WORK TASK ▸
A picture-free, exact copy of all the records below is the goal.

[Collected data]
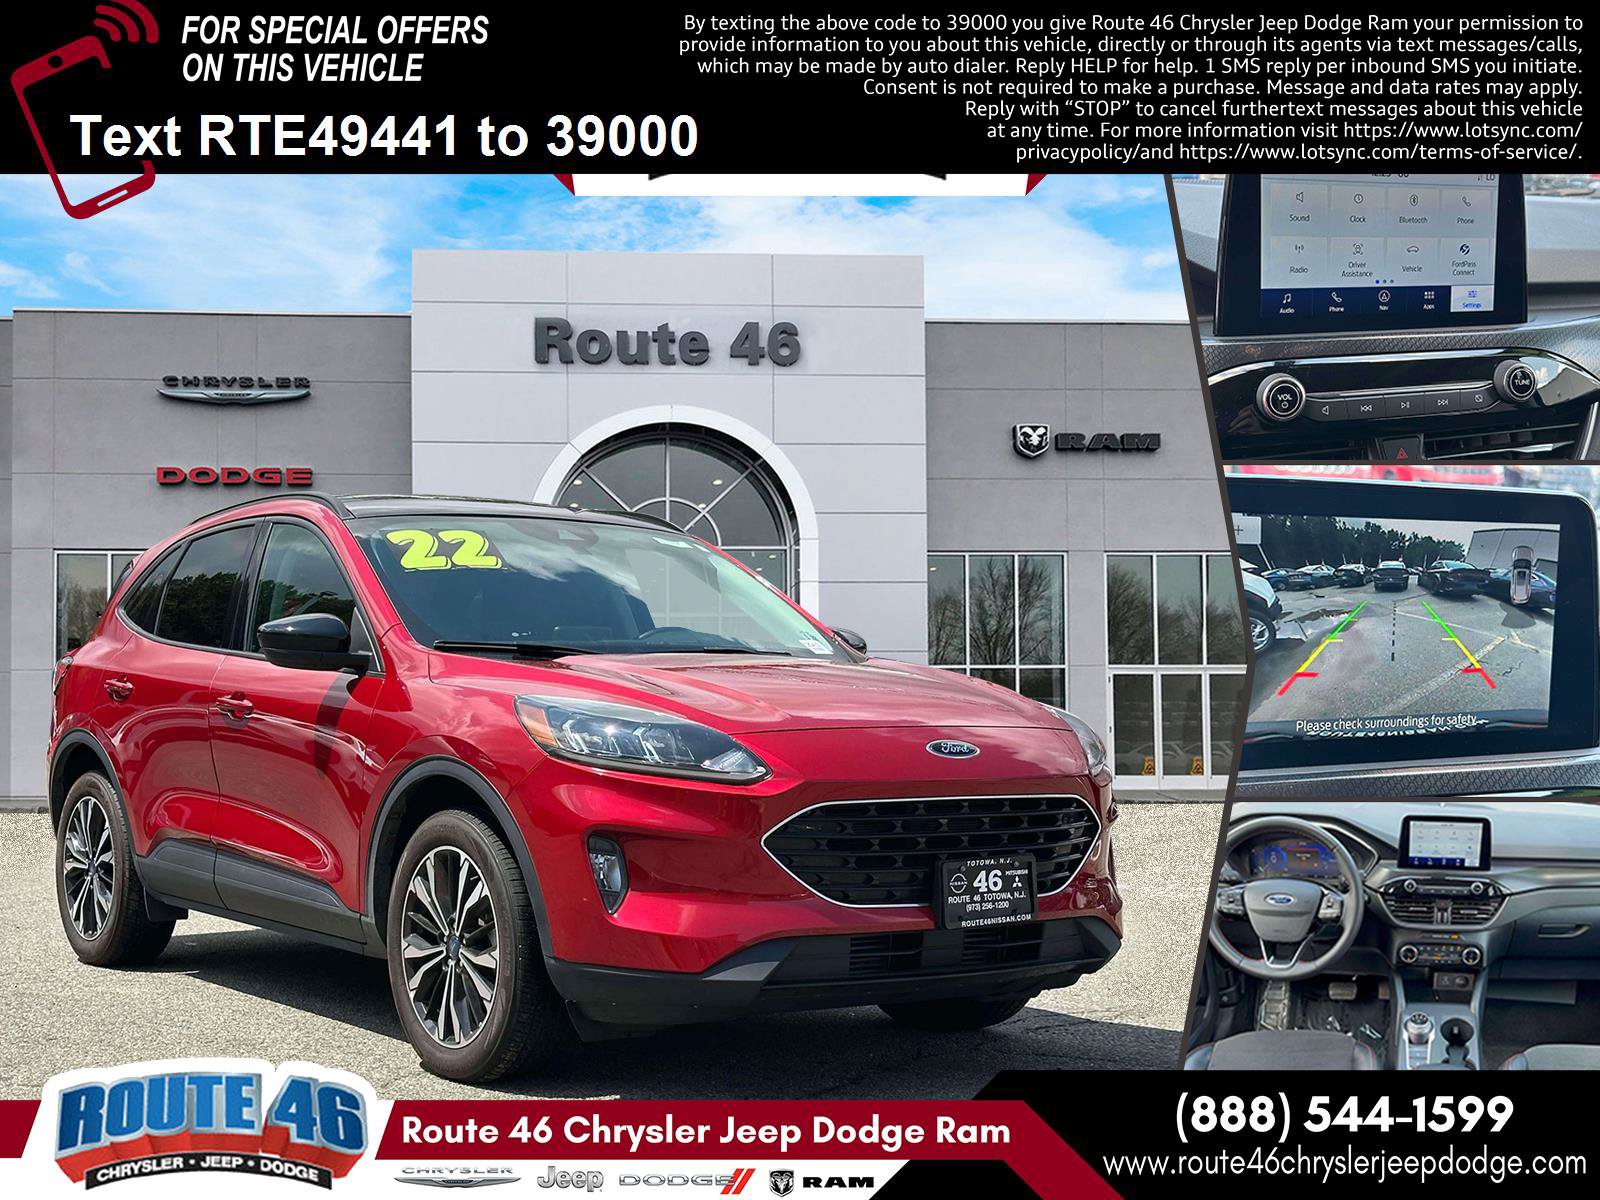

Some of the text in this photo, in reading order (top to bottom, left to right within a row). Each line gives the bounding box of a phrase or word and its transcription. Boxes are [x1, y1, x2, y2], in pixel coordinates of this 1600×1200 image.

[1289, 214, 1310, 223] Sound
[1349, 215, 1366, 223] Clock
[1399, 216, 1428, 224] Bluetooth
[1456, 216, 1475, 225] Phone
[1289, 266, 1308, 274] Radio
[1402, 265, 1422, 273] Vehicle
[534, 317, 801, 367] Route 46
[162, 375, 311, 388] CHRYSLER
[1277, 393, 1293, 401] VOL
[1054, 432, 1161, 451] RAM
[156, 466, 313, 486] DODGE
[386, 528, 502, 571] 22
[1295, 720, 1331, 733] Please
[1333, 717, 1363, 730] check
[1364, 715, 1430, 729] surroundings
[1430, 714, 1446, 726] for
[973, 869, 1003, 892] 46
[948, 895, 971, 904] ROUTE
[973, 894, 981, 902] 46
[966, 903, 981, 912] (973)
[961, 913, 1032, 928] ROUTE46NISSAN.COM
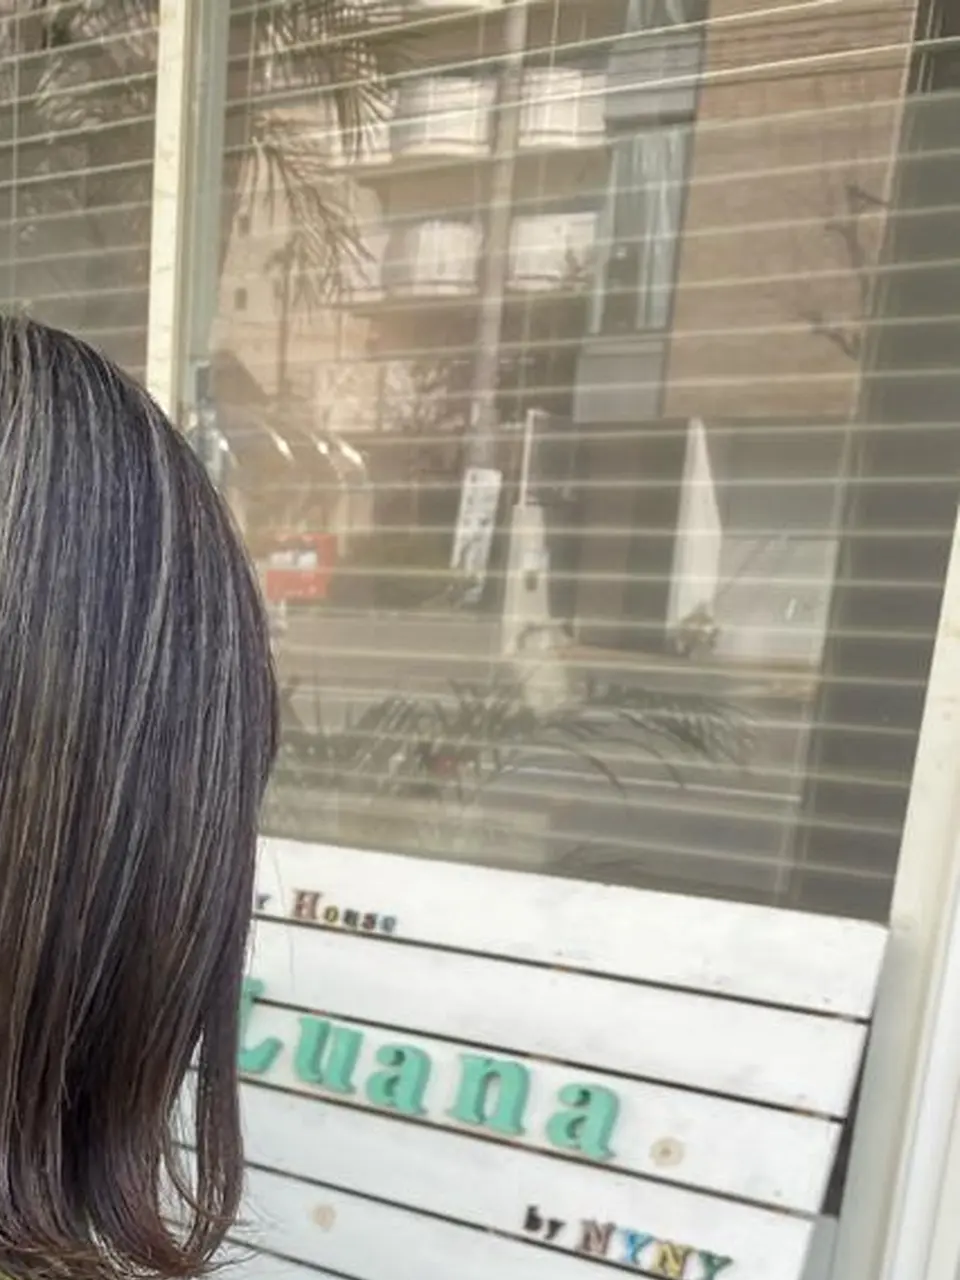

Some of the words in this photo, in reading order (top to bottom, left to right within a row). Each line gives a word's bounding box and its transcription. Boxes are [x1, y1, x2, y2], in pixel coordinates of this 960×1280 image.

[292, 888, 396, 933] House
[237, 977, 620, 1161] Luana
[524, 1204, 566, 1241] by

ANSWER TO THE EXERCISE ▸
Some of the text in this photo, in reading order (top to bottom, left to right within a row). Each line gives the bounding box of a phrase or word and its transcription. Boxes are [x1, y1, x2, y2], in pixel coordinates of this 1600×1200 image.

[1289, 214, 1310, 223] Sound
[1349, 215, 1366, 223] Clock
[1399, 216, 1428, 224] Bluetooth
[1456, 216, 1475, 225] Phone
[1289, 266, 1308, 274] Radio
[1402, 265, 1422, 273] Vehicle
[534, 317, 801, 367] Route 46
[162, 375, 311, 388] CHRYSLER
[1277, 393, 1293, 401] VOL
[1054, 432, 1161, 451] RAM
[156, 466, 313, 486] DODGE
[386, 528, 502, 571] 22
[1295, 720, 1331, 733] Please
[1333, 717, 1363, 730] check
[1364, 715, 1430, 729] surroundings
[1430, 714, 1446, 726] for
[973, 869, 1003, 892] 46
[948, 895, 971, 904] ROUTE
[973, 894, 981, 902] 46
[966, 903, 981, 912] (973)
[961, 913, 1032, 928] ROUTE46NISSAN.COM

Some of the words in this photo, in reading order (top to bottom, left to right within a row). Each line gives a word's bounding box and its transcription. Boxes are [x1, y1, x2, y2], in pixel coordinates of this 960×1280 image.

[292, 888, 396, 933] House
[237, 977, 620, 1161] Luana
[524, 1204, 566, 1241] by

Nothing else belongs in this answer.